Preheat the oven to 400°F. Line a rimmed baking sheet with parchment paper. Spray a wire baking or cooling rack with nonstick spray and place the rack in the lined baking sheet.
Whisk together the flour, baking powder and salt in a medium-sized bowl. Set aside.
In the bowl of a stand mixer, or a large mixing bowl, beat eggs, oil and half-cup of sugar until light and fluffy.
With the mixer on low speed, gradually add the dry ingredients and mix until you have a stiff, slightly oily dough with no dry patches.
Divide the dough into six pieces.
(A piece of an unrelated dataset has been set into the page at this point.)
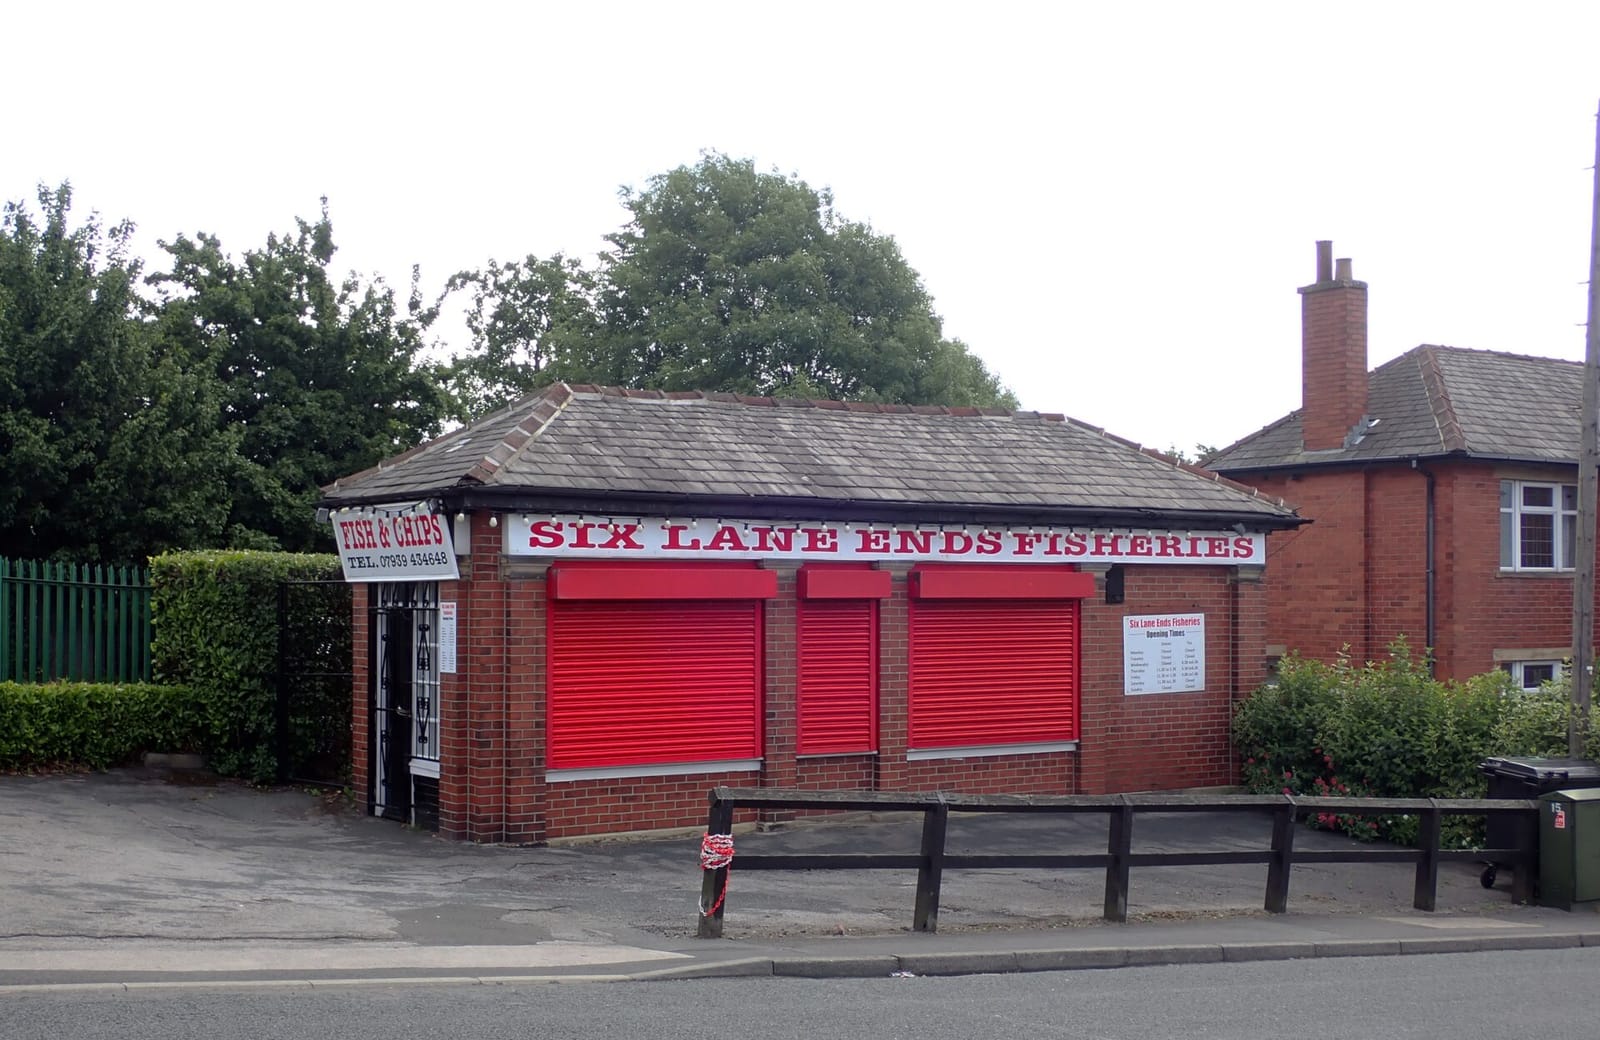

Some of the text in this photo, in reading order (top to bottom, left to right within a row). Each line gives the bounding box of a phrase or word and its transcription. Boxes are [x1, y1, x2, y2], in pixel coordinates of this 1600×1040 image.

Sprinkle a board with a handful of granulated sugar. Roll the first piece of dough out on top of the sugar on the board, turning the dough frequently to prevent sticking. Add more sugar as needed. Roll the dough out as thin as possible, preferably until it is almost translucent.
Cut the dough into strips 2 to 3 inches wide. Then cut the strips into squares, rectangles or diamonds, as you prefer. Place the kichel on top of the prepared baking rack to achieve the wavy pattern. (These cookies do not spread very much, so there is no need to spread them out on the baking rack.)
Bake the cookies until crisp and golden brown around the edges, 8 to 9 minutes. Remove the cookies to a wire rack to cool.
Repeat the process with the remaining dough. Kichel will keep in an airtight container for up to one week.